━━━ RECORDS FOR THE TASK

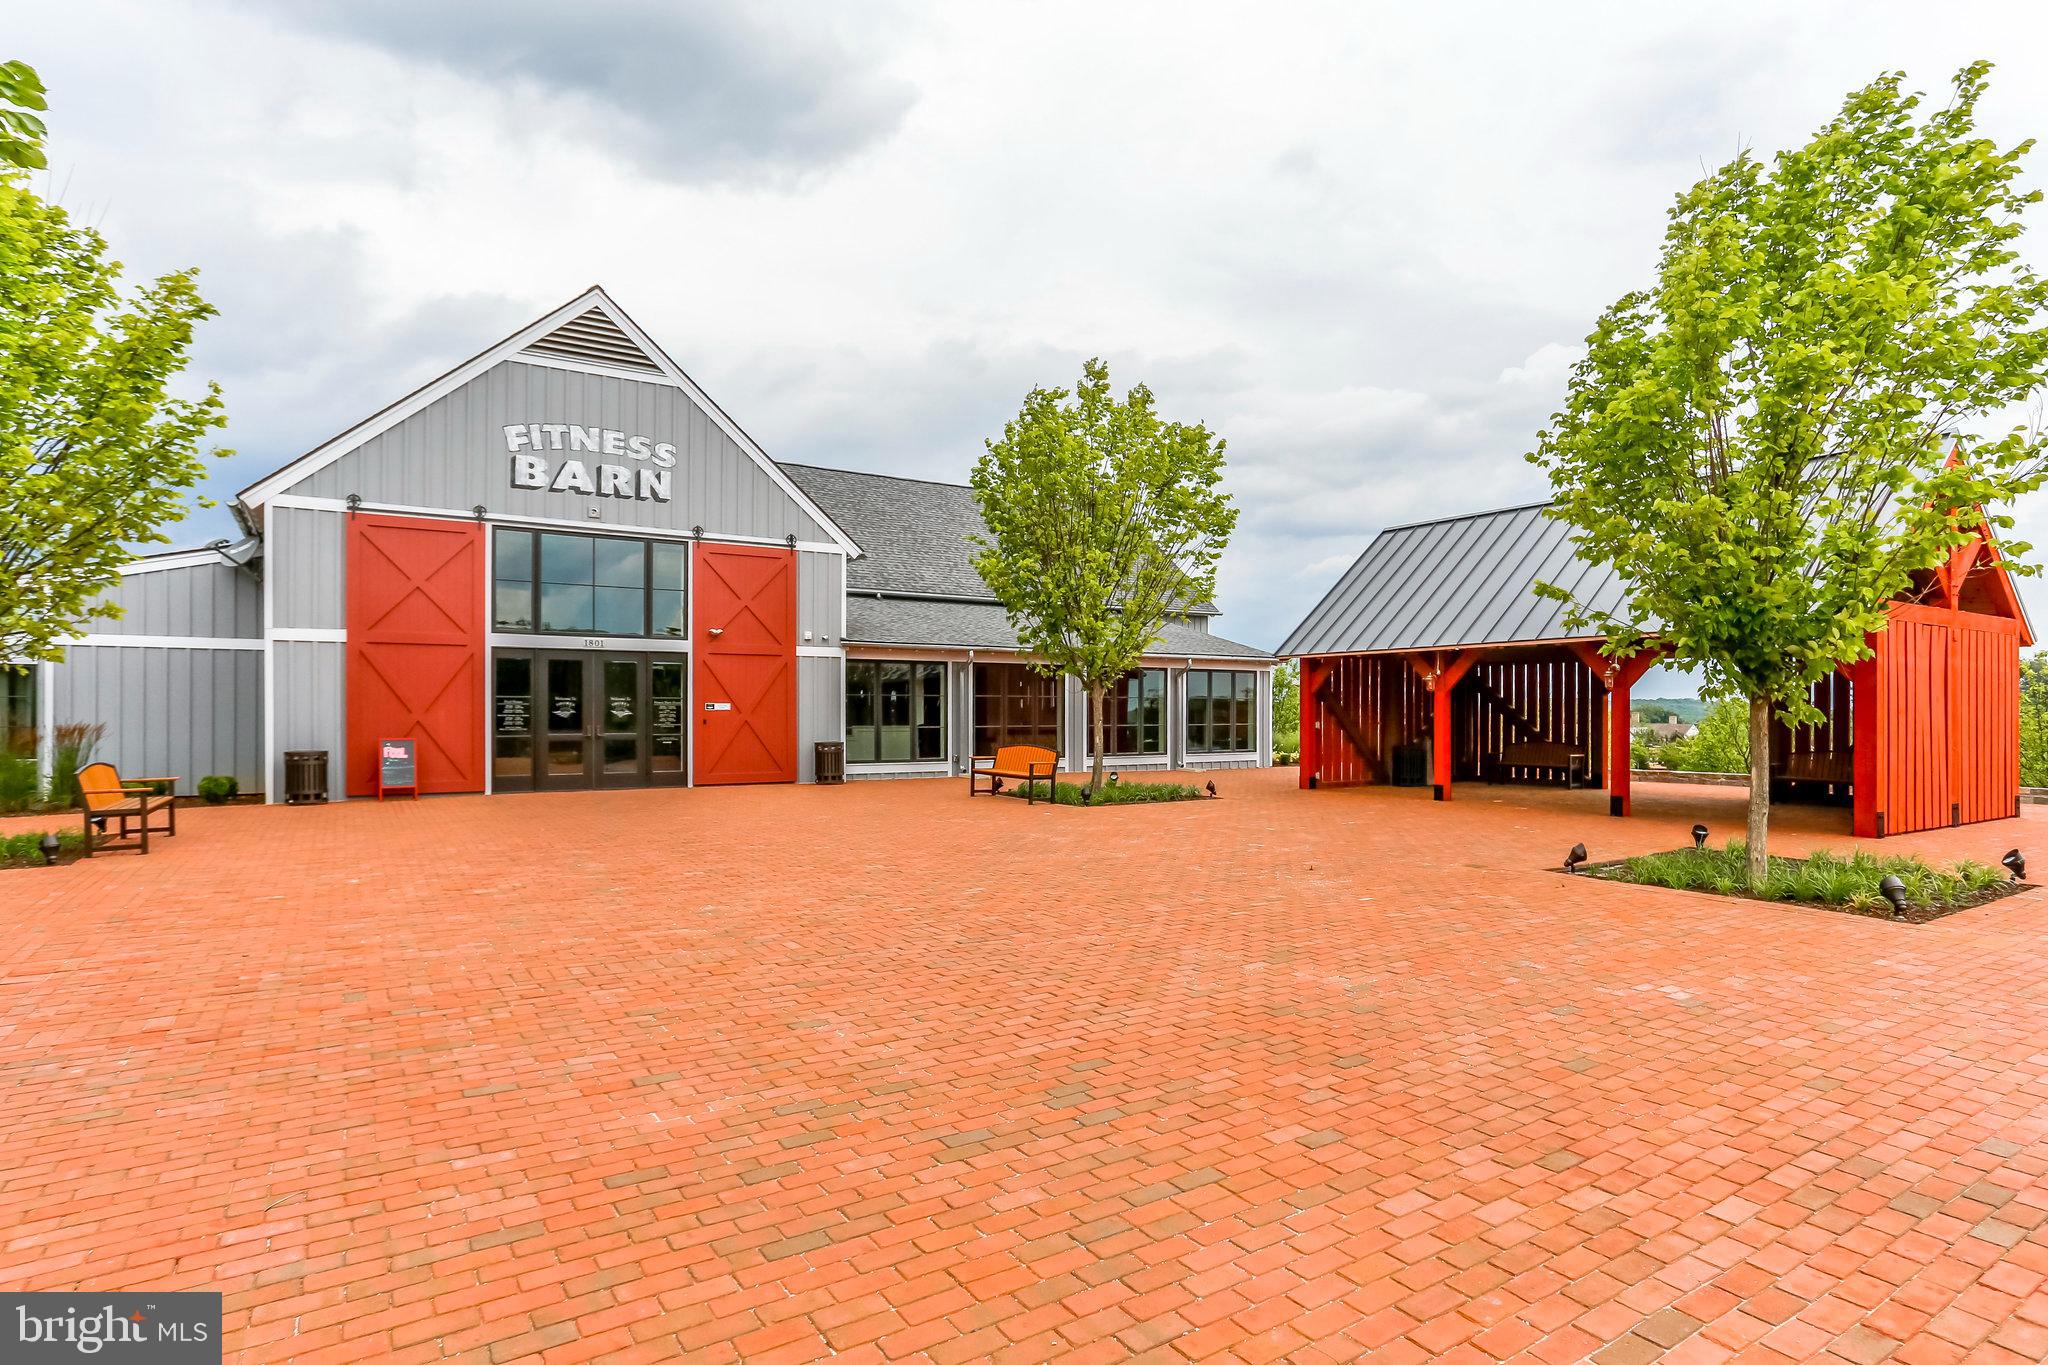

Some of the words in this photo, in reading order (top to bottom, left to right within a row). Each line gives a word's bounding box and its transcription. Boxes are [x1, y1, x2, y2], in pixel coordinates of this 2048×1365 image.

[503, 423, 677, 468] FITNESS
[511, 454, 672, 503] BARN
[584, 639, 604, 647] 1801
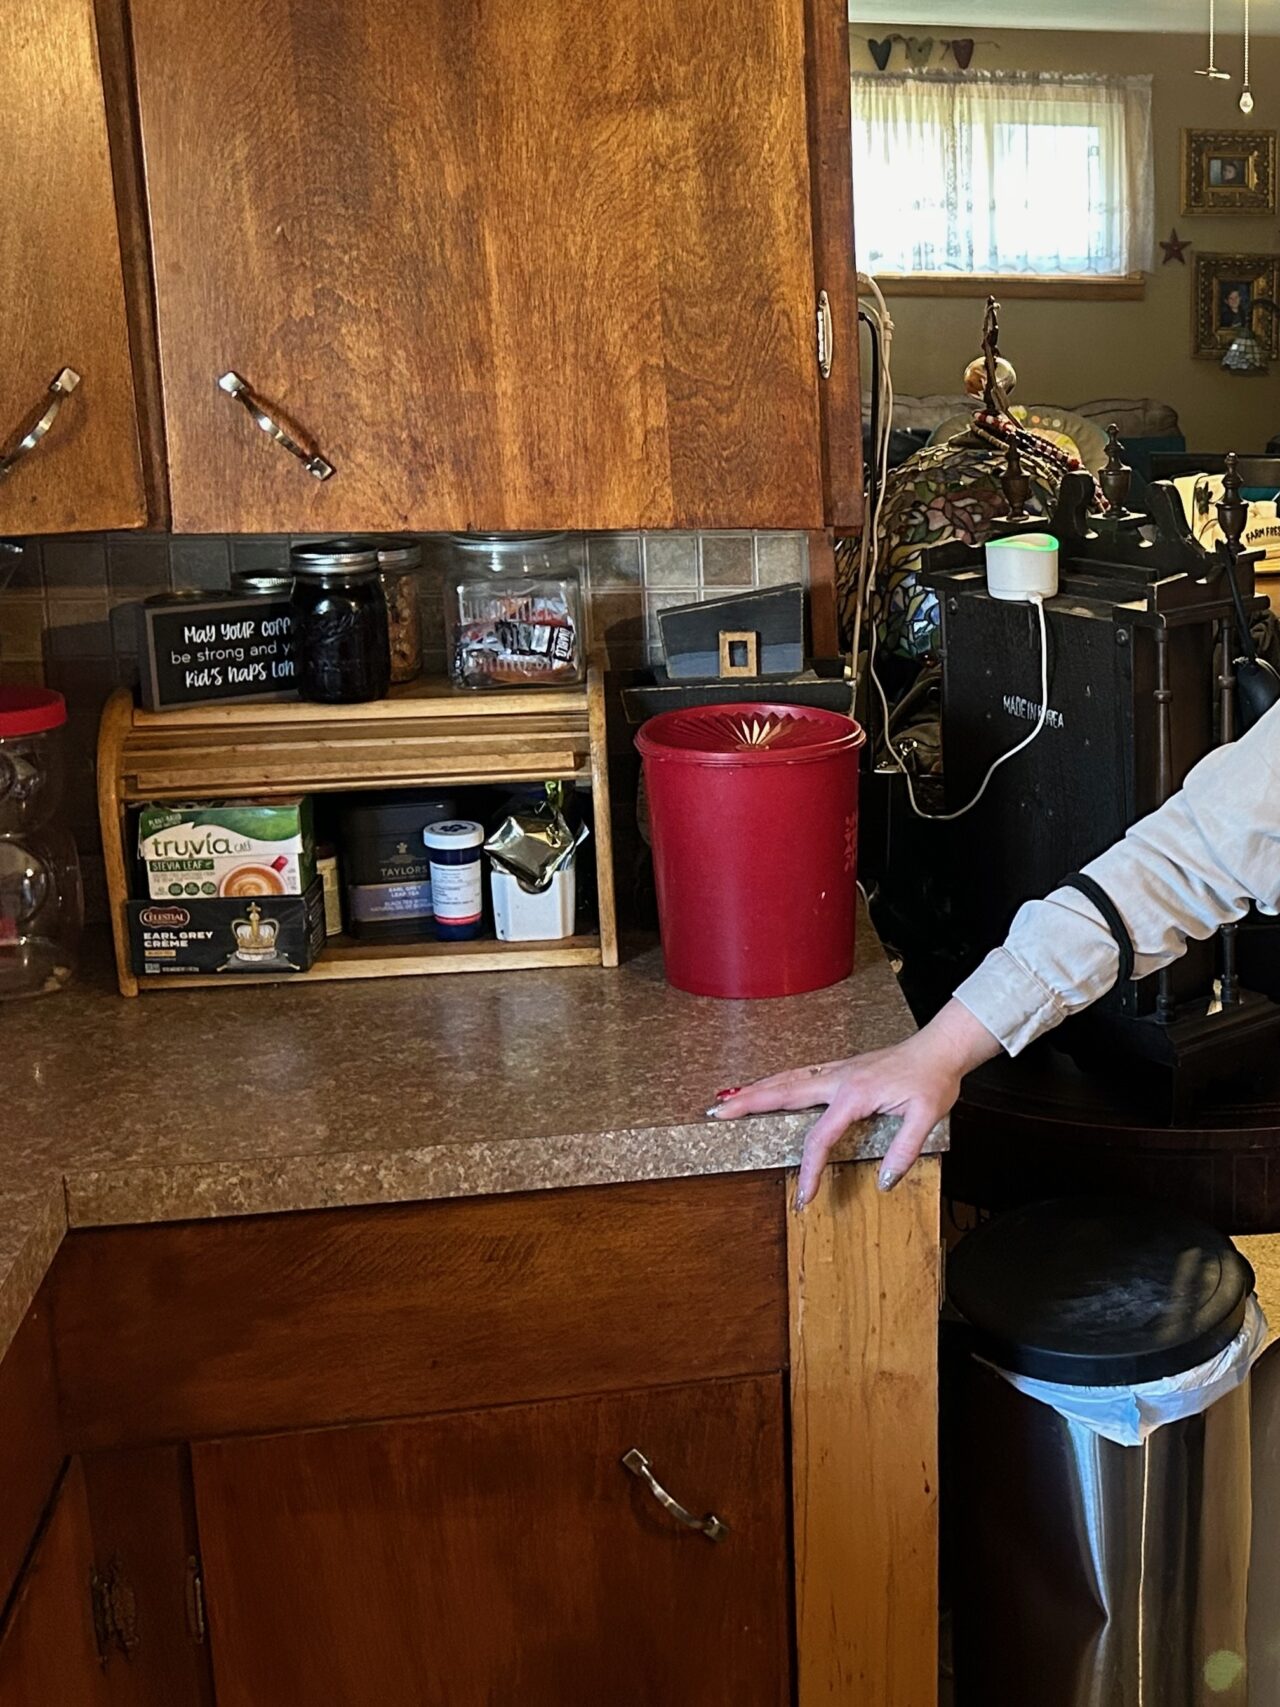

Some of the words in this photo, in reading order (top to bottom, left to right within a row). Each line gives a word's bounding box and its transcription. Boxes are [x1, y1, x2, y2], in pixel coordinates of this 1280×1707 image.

━━━━━━

● **ACTIVITY**
Return the data verbatim, leaving out the pictures it holds.

● **SOLUTION BELOW**
Some of the words in this photo, in reading order (top to bottom, left to right within a row). Each line gives a word's bounding box and its transcription. Boxes are [x1, y1, x2, y2], in pixel coordinates of this 2048×1365 image.

[503, 423, 677, 468] FITNESS
[511, 454, 672, 503] BARN
[584, 639, 604, 647] 1801

Some of the words in this photo, in reading order (top to bottom, left to right within a row). Each line gives a word's bounding box and its transcription. Boxes are [x1, y1, x2, y2], in pixel coordinates of this 1280×1707 image.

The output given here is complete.